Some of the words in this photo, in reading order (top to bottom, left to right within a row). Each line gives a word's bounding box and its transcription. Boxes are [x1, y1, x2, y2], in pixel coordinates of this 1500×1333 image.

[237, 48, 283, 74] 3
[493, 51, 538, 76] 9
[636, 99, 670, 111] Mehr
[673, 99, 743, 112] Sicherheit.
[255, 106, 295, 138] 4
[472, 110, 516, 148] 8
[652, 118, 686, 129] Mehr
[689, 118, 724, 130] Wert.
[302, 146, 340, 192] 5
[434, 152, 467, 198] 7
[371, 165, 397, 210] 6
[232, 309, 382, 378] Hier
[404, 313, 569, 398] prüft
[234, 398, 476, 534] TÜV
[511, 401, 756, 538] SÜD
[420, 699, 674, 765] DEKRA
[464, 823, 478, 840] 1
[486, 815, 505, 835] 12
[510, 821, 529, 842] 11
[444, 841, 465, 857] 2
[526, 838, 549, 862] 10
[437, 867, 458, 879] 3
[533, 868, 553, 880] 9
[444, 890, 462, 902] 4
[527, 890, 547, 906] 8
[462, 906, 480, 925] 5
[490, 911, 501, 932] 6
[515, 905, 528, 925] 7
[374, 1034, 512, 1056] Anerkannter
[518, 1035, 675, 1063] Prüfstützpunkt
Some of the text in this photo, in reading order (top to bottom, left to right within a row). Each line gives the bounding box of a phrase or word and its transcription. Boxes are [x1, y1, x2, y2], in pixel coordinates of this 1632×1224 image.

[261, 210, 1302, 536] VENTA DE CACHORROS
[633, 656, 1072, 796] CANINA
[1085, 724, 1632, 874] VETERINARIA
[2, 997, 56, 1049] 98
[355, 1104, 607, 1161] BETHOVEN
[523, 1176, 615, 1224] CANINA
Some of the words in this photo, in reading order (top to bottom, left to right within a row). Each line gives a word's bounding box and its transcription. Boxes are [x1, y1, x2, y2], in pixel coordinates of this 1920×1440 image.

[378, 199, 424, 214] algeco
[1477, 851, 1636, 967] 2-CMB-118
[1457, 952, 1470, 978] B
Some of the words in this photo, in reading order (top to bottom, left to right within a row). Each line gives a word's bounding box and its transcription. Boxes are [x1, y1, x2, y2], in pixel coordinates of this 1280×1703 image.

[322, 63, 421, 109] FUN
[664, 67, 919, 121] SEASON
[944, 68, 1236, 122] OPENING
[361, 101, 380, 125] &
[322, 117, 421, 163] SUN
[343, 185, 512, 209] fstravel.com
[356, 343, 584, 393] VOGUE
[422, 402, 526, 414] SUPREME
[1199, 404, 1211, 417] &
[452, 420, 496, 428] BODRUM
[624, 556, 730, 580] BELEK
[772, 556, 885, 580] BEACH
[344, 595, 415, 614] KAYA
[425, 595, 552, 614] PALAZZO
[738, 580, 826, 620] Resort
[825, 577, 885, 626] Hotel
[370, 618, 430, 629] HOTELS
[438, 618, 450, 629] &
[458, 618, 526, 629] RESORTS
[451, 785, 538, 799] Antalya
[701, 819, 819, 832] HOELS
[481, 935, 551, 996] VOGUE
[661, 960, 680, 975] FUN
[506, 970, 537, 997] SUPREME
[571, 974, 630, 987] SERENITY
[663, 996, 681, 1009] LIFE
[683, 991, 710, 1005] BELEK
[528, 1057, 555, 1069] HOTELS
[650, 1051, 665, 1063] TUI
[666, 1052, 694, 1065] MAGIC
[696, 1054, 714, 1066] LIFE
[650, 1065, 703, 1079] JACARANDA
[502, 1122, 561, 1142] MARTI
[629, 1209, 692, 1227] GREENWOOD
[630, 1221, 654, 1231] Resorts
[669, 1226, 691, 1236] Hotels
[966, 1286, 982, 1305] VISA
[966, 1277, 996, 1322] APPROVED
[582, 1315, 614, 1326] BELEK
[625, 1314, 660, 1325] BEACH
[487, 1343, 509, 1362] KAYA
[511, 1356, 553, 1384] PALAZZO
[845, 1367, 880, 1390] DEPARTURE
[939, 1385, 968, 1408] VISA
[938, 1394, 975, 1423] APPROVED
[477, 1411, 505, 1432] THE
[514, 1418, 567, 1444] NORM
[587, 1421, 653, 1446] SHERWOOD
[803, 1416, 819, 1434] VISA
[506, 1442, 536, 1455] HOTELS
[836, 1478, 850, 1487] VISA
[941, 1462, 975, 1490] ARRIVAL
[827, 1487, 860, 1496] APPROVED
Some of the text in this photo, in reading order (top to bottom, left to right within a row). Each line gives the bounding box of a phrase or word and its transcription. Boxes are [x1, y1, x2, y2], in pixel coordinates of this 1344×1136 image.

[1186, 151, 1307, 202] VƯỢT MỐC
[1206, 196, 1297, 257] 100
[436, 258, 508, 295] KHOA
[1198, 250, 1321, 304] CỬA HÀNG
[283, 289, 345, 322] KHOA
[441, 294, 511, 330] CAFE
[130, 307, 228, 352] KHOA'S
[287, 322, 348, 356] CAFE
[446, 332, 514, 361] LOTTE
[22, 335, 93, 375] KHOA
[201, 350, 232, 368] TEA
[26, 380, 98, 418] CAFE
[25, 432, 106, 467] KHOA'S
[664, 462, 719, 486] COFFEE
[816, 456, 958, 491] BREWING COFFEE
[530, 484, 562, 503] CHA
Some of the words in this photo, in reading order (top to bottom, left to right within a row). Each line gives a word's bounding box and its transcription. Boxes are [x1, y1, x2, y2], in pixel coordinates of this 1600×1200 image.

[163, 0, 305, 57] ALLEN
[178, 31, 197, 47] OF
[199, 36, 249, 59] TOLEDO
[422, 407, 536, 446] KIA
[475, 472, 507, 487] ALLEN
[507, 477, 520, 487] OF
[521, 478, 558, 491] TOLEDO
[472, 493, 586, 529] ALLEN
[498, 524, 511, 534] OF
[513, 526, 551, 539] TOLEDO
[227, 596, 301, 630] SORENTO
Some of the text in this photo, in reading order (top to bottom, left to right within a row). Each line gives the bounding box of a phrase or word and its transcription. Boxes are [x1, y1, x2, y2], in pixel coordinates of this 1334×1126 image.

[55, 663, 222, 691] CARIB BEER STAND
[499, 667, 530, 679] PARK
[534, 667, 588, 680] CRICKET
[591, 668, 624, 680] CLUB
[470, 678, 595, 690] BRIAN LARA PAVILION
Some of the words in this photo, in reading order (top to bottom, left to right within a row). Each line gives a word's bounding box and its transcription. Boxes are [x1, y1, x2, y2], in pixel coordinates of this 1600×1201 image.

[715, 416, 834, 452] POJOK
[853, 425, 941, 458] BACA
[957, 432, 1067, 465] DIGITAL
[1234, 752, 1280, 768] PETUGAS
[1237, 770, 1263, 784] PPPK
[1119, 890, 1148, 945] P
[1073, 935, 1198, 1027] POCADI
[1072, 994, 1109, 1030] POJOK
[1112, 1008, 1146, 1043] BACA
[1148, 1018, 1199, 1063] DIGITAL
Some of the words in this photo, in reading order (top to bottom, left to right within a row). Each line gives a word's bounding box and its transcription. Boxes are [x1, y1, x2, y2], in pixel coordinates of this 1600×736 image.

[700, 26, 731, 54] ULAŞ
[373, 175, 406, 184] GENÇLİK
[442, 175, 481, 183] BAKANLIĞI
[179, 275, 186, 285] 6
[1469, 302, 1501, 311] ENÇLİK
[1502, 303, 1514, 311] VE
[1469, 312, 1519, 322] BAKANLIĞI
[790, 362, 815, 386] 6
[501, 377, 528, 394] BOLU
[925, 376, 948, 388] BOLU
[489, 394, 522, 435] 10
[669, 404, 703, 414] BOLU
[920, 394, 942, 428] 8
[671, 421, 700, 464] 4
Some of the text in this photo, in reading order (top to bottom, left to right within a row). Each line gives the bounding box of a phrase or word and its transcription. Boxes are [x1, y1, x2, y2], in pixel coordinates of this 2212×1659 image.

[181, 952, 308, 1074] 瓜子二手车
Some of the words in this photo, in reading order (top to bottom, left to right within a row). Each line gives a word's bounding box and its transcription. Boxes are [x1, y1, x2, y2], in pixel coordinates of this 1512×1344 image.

### What is required
Exactly the lines from the one with "this 2212×1659 image." through the last line of the listing above must make up your answer.

### Final answer
Some of the text in this photo, in reading order (top to bottom, left to right within a row). Each line gives the bounding box of a phrase or word and its transcription. Boxes are [x1, y1, x2, y2], in pixel coordinates of this 2212×1659 image.

[181, 952, 308, 1074] 瓜子二手车
Some of the words in this photo, in reading order (top to bottom, left to right within a row). Each line gives a word's bounding box and its transcription. Boxes are [x1, y1, x2, y2], in pixel coordinates of this 1512×1344 image.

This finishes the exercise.